### Work task
Here the job is to transcribe the data exactly while omitting the images.

### Material for this exercise
######
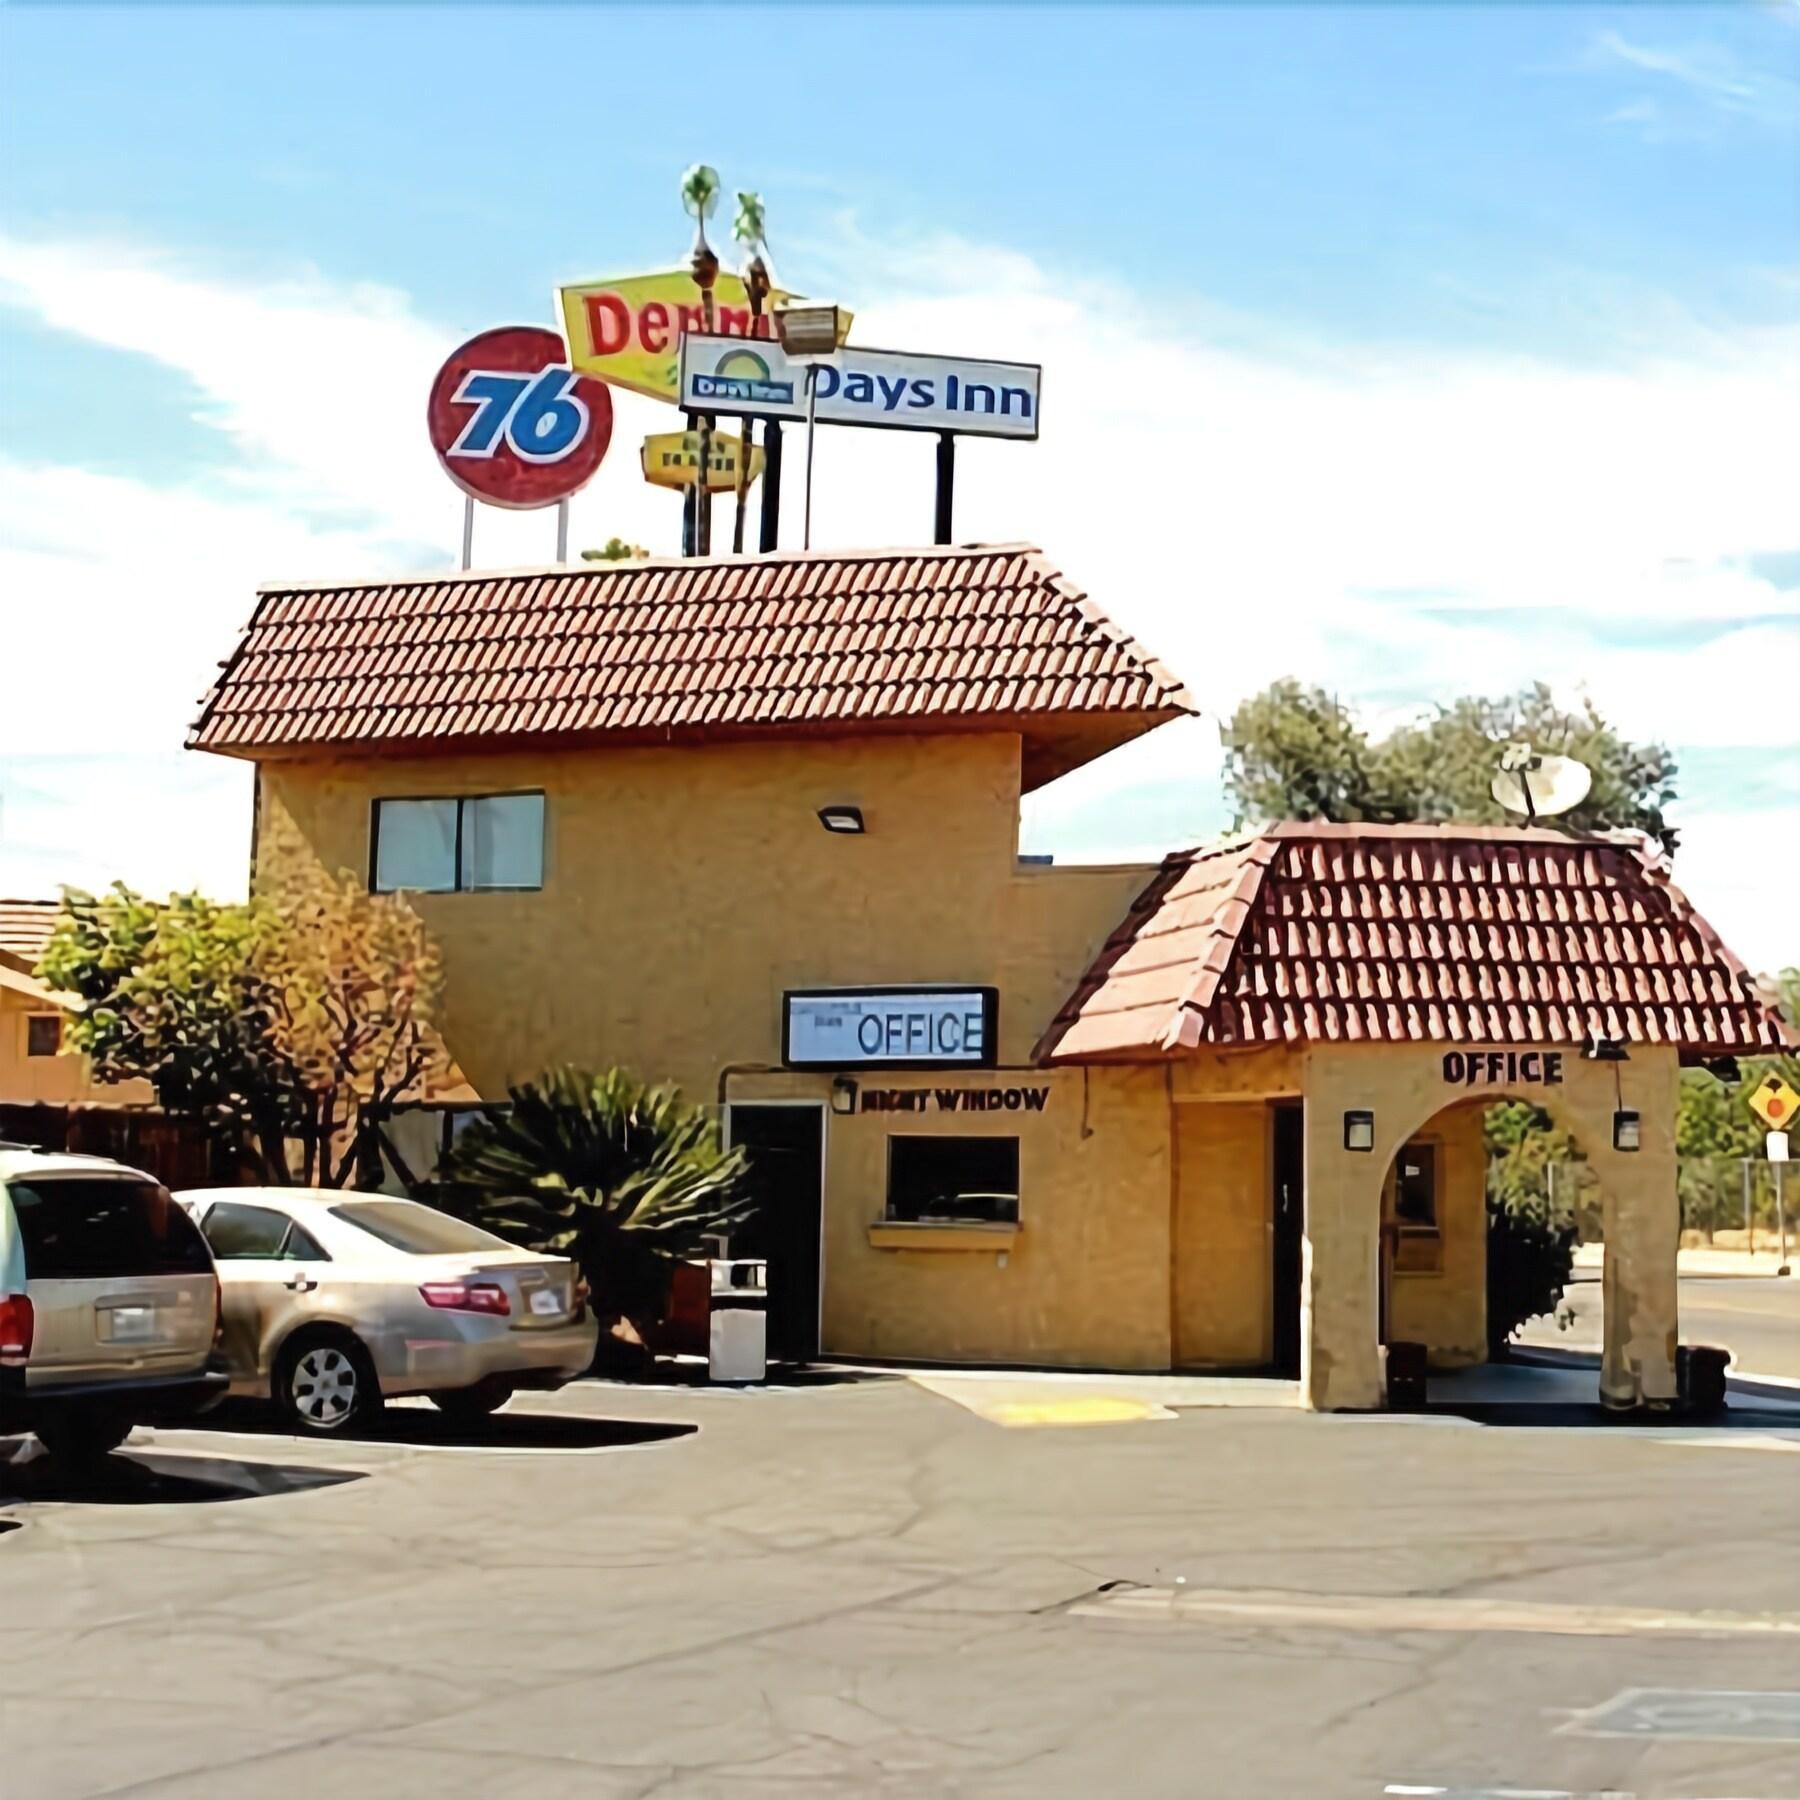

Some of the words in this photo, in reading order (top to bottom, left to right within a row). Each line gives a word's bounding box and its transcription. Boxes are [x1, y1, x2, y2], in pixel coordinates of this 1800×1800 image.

[804, 363, 935, 412] Days
[946, 374, 1032, 418] Inn
[447, 364, 590, 464] 76
[858, 1012, 982, 1055] OFFICE
[1442, 1051, 1563, 1087] OFFICE
[934, 1086, 1051, 1112] WINDOW
######
### Written response
Some of the words in this photo, in reading order (top to bottom, left to right within a row). Each line gives a word's bounding box and its transcription. Boxes are [x1, y1, x2, y2], in pixel coordinates of this 1800×1800 image.

[804, 363, 935, 412] Days
[946, 374, 1032, 418] Inn
[447, 364, 590, 464] 76
[858, 1012, 982, 1055] OFFICE
[1442, 1051, 1563, 1087] OFFICE
[934, 1086, 1051, 1112] WINDOW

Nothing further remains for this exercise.